[extropy-chat] The Drake Equation and Spatial Proximity.

Eugen Leitl eugen at leitl.org
Thu Oct 26 10:40:51 UTC 2006


On Wed, Oct 25, 2006 at 08:29:27PM -0400, Robert Bradbury wrote:

>    Because the cost is low.  They would not be here if they were not

Forking off clones is always a costly and risky business. Yet you
will notice everybody is doing it. Why? The costs of the alternative
is nonexistance, long-term.

>    preprogrammed to spread.  Their lack of  exo-awareness specifies that
>    they cannot spread in a way which dictates probability of survival.

I don't understand what this means.

>    You can easily colonize the marginal niches -- show me a path to
>    colonize the niches which will dominate! [1]

Originally, we were talking about why the universe looks sterile.
I've made a number of arguments about how even comparatively primitive
systems would nucleate a wave of expansion which would very visibly
transform the universe in its wake. Anything which can spread over
interstellar distances and cause stars to gray out due to circumstellar
photoplankton is reasonably dominant, at least from an astronomer's
point of view. Because we can see the starry night sky, we know we're
alone. 
 
>    Yes.  But it is sooner or later (whether it be in this galaxy or in
>    others as one might attempt to colonize -- one is going to have to
>    face up to the fact that there *are* other ("alien") footprints in
>    Hollywood Boulevard.) [2].

I would be very happy to see them.

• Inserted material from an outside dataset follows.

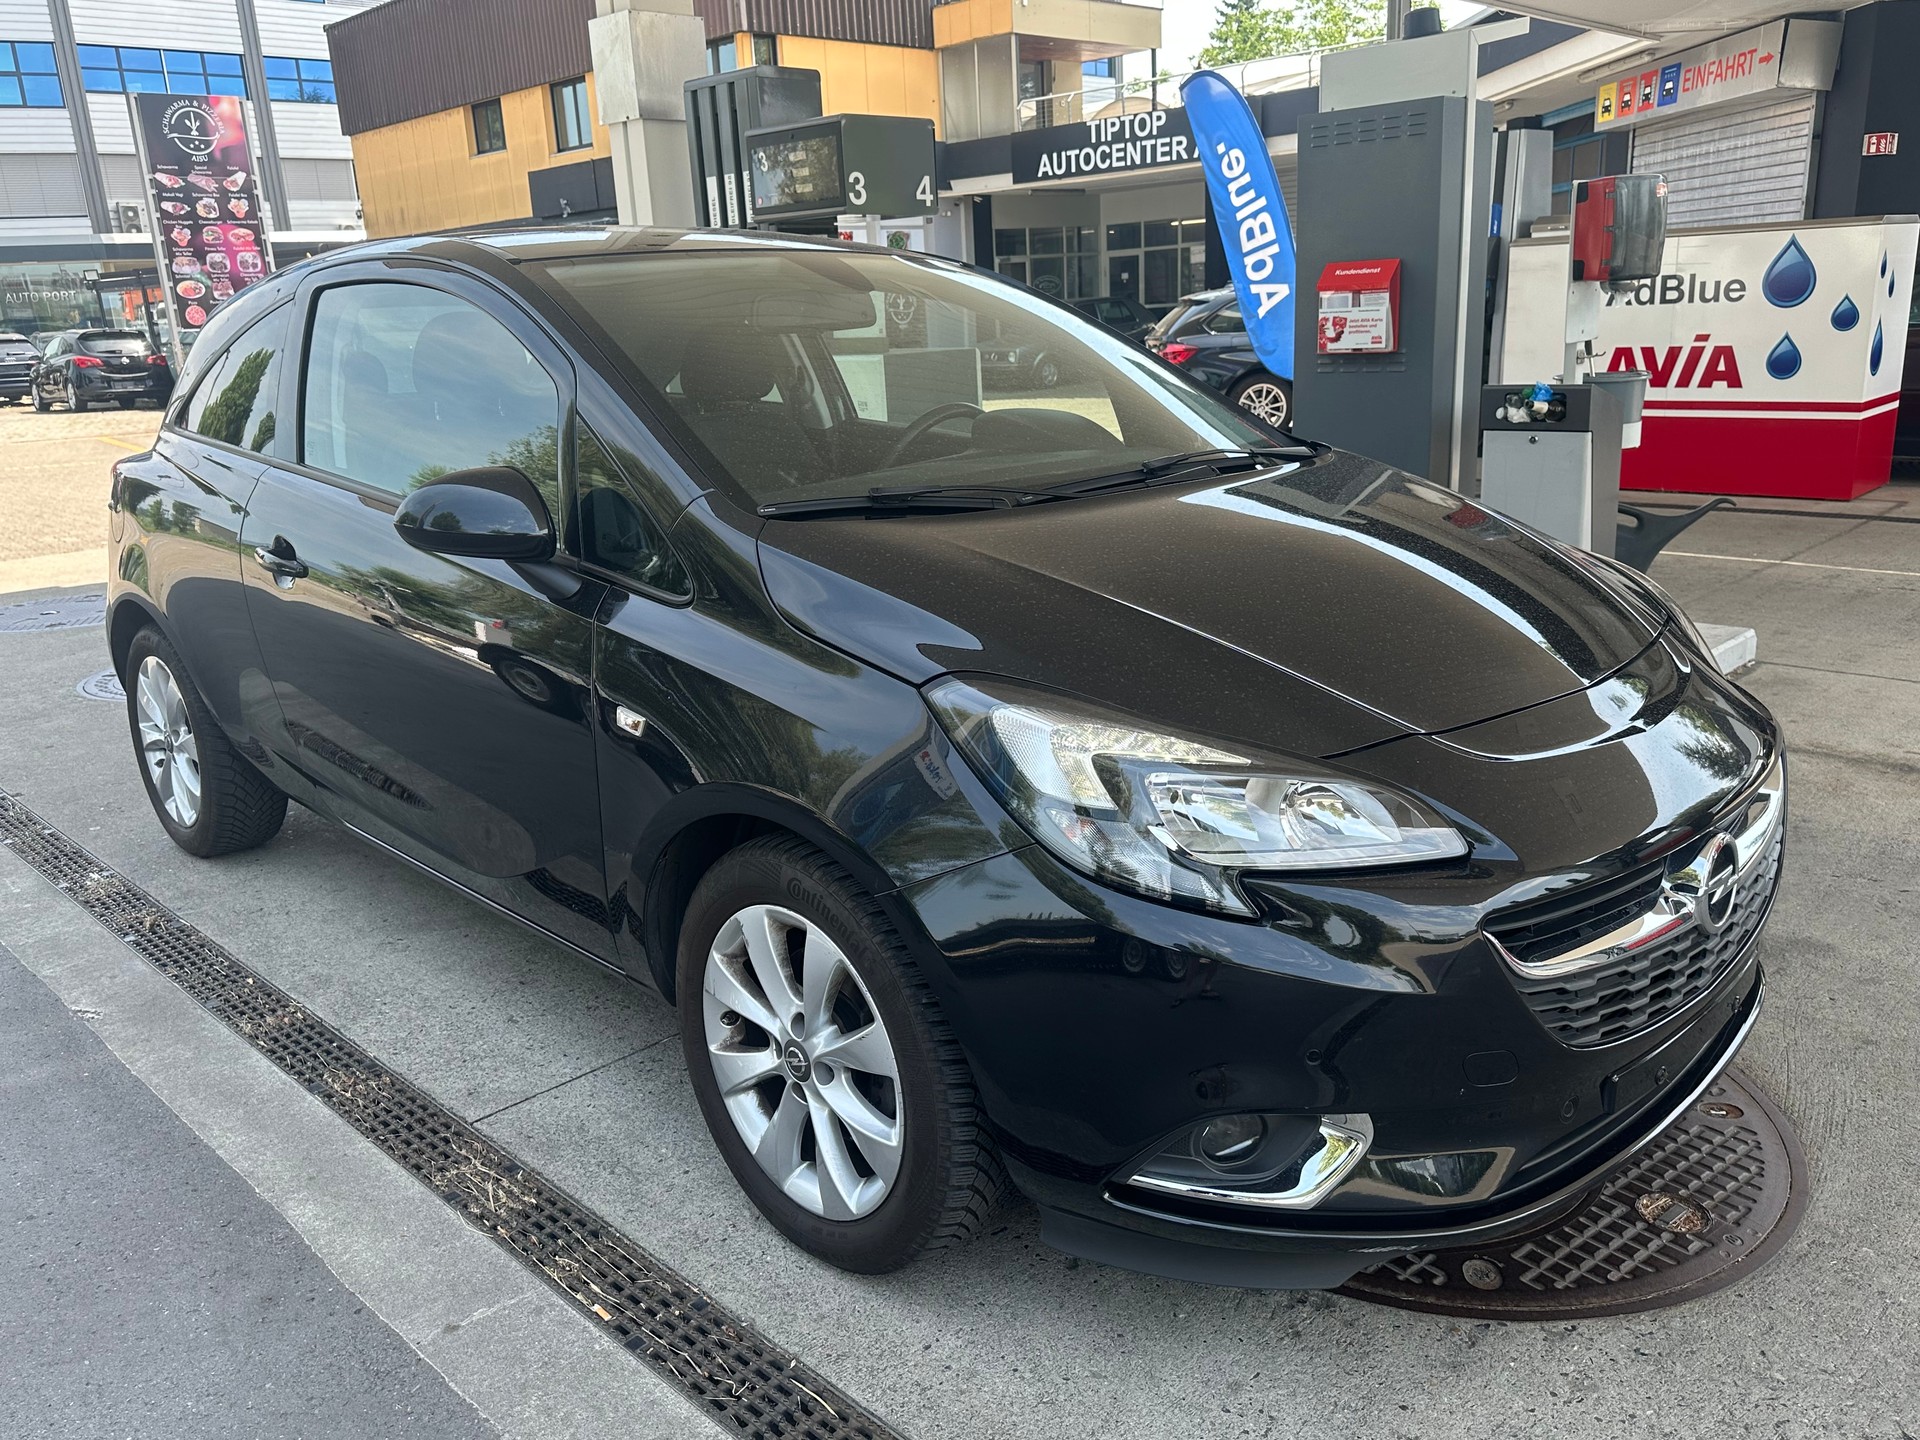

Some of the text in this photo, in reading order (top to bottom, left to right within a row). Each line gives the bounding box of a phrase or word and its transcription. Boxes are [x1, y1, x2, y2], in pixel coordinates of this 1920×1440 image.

But, so far, we seem to become the
only advanced culture in the whole visible universe (meaning, we're
in nobody's advanced light cone). Anthropic principle applied to
expansion waves says this is not a coincidence. The only wave we
can observe is the one we ourselves will start (or pioneers
meeting other pioneers).
 
>      If you have time, and there's stuff growing (fusion metabolism) in
>      Oort and Kuiper contamination will happen spontaneously, even if
>      you don't have the genome for a plasma thruster.
> 
>    I am not sure that I understand this inference.  If important you
>    should elaborate.

Stellar systems don't have sharp boundaries, and there are occasional
pretty close flybys. Assuming several sustainable strain of machinery which fuses
nonmetals from ice for metabolism there will be spontaneous infection even if you don't
have propulsion in the genome. However, any fusion reactor venting backwards
is a really really good rocket, and time is of no essence to systems
which thrive in deep space.
 
>    No, at each step of the way, "colonizers" will assess the "state of
>    the universe" to determine whether the investment justifies the
>    benefit.  This is the *key* factor which has not been brought into

If you have colonizers which work that way, they will be completely 
left behind by colonizers which are much simply structured, being
growth oriented. And these colonizers would be evolutionary optimized
even further, with each generation.

>    SETI, colonization, exploration & growth discussions (at least that I
>    am aware of) before now.
>    *WHY* Grow????  We understand reproduction, we have condoms, we have
>    birth control pills, we understand enough about human
>    self-satisfaction feedback loops that we can say, "We choose not to
>    'grow' -- We choose to better ourselves!"  You *have* to justify

You haven't happened to noticed that the birth rate about humans
who subscribe to above memeset is way below replacement? And that
there are subpopulations which have a really high birth rate?
http://www.isteve.com/babygap.htm

Isn't it richly ironic that those godless Darwinists breed themselves
out of existence, whereas folks who believe the wife should be barefoot
in the kitchen, when she's not busy giving birth to kids, which in turn
let themselves get knocked up as teenagers?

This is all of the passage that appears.